◆ Try it:
Transcribe the records below exactly as they appear, omitting any pictures.

◆ Dataset excerpts:
■ ■ ■ ■ ■
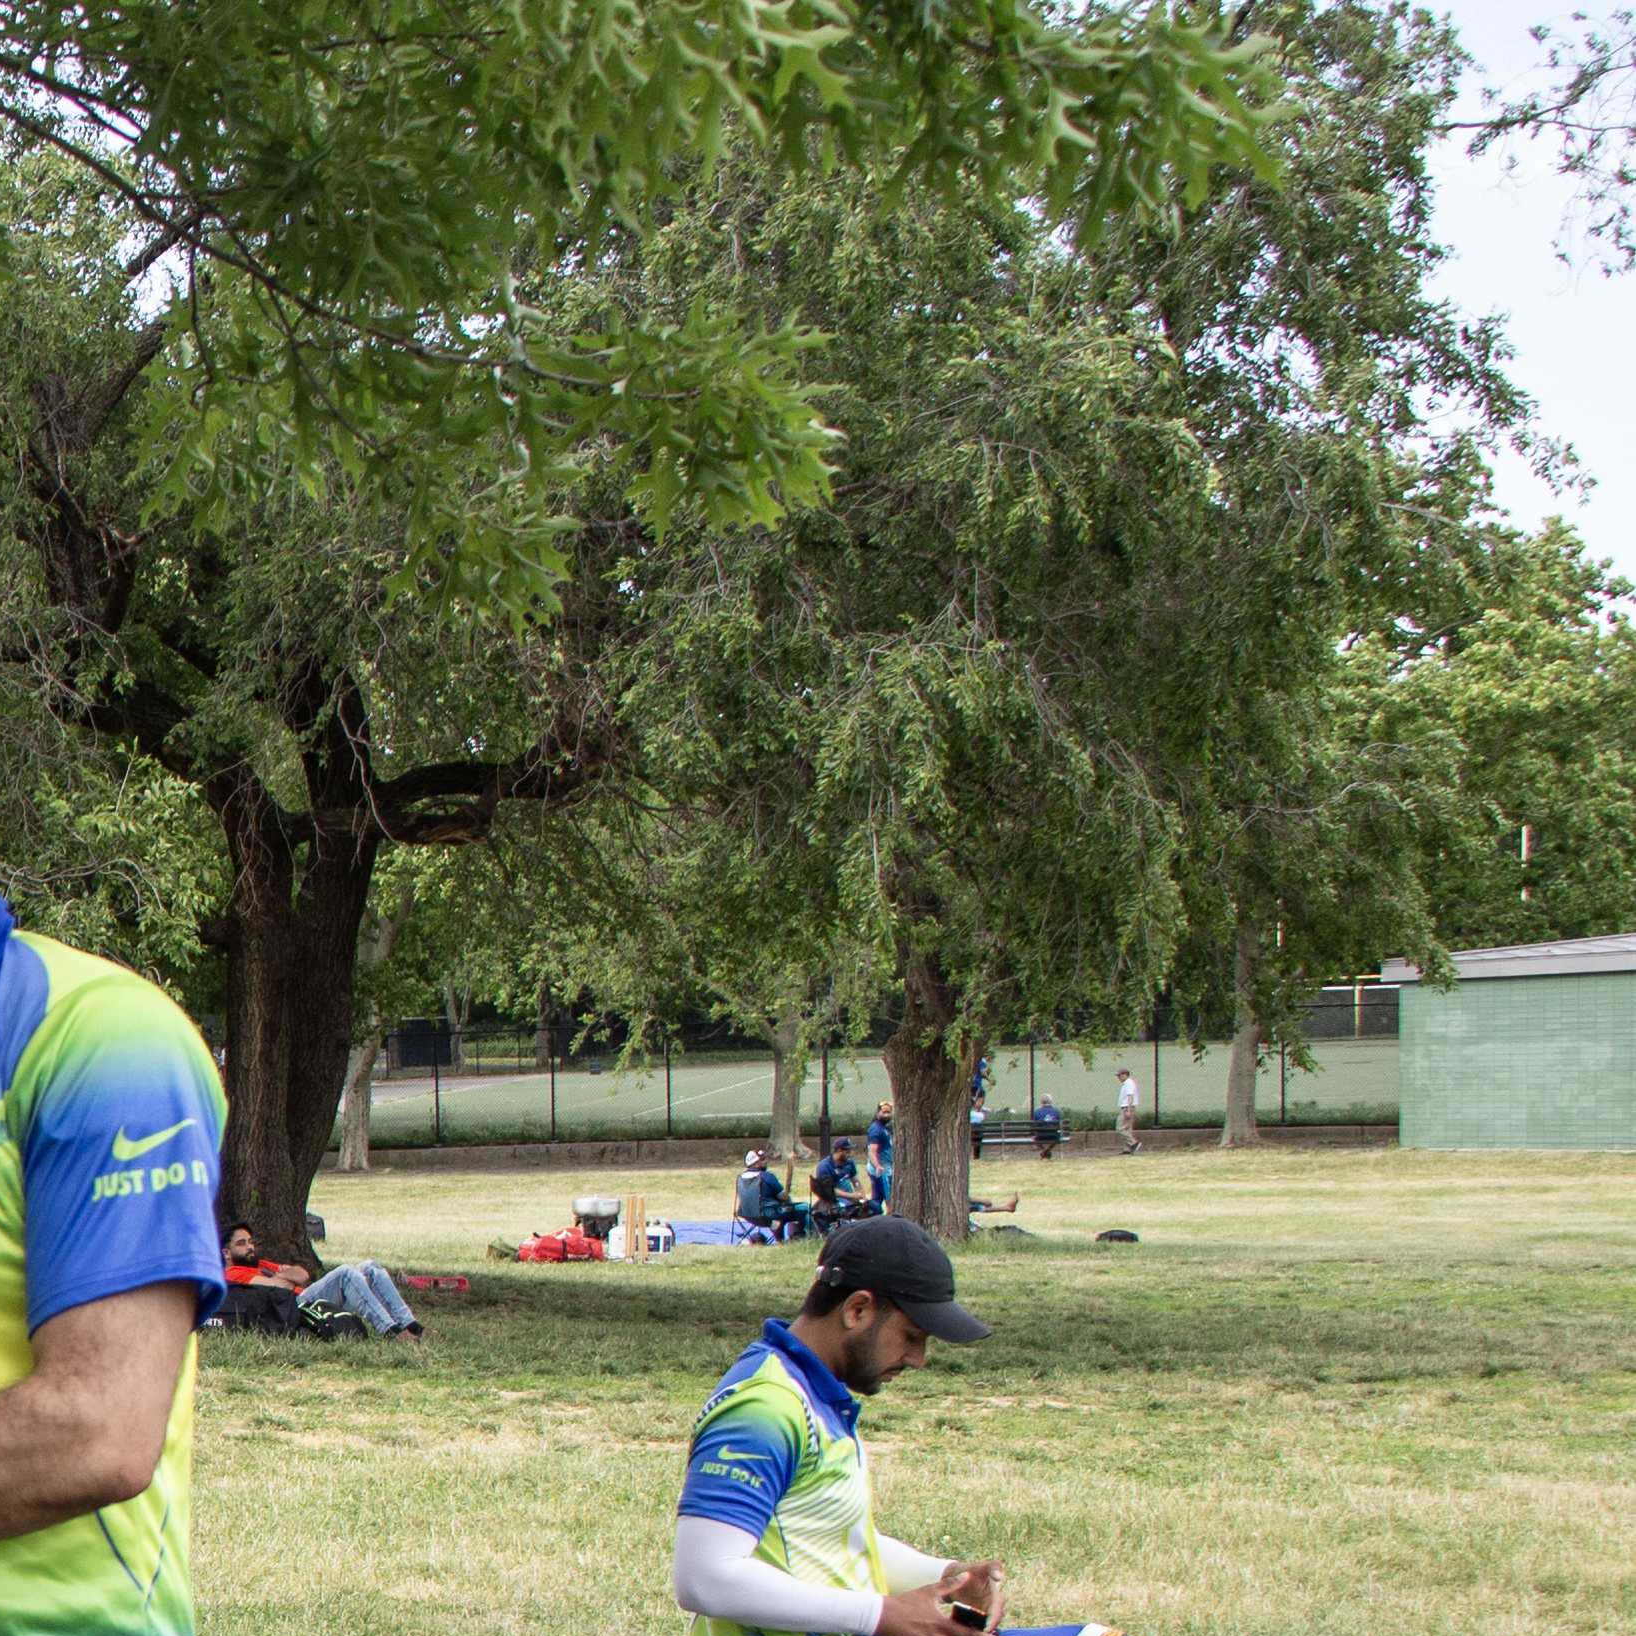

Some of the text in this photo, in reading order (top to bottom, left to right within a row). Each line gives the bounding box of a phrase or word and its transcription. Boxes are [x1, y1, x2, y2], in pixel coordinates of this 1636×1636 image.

[91, 1168, 145, 1203] JUST
[150, 1162, 186, 1193] DO
[699, 1461, 730, 1477] JUST
[730, 1466, 749, 1483] DO
■ ■ ■ ■ ■
◆ Answer to this task:
Some of the text in this photo, in reading order (top to bottom, left to right within a row). Each line gives the bounding box of a phrase or word and its transcription. Boxes are [x1, y1, x2, y2], in pixel coordinates of this 1636×1636 image.

[91, 1168, 145, 1203] JUST
[150, 1162, 186, 1193] DO
[699, 1461, 730, 1477] JUST
[730, 1466, 749, 1483] DO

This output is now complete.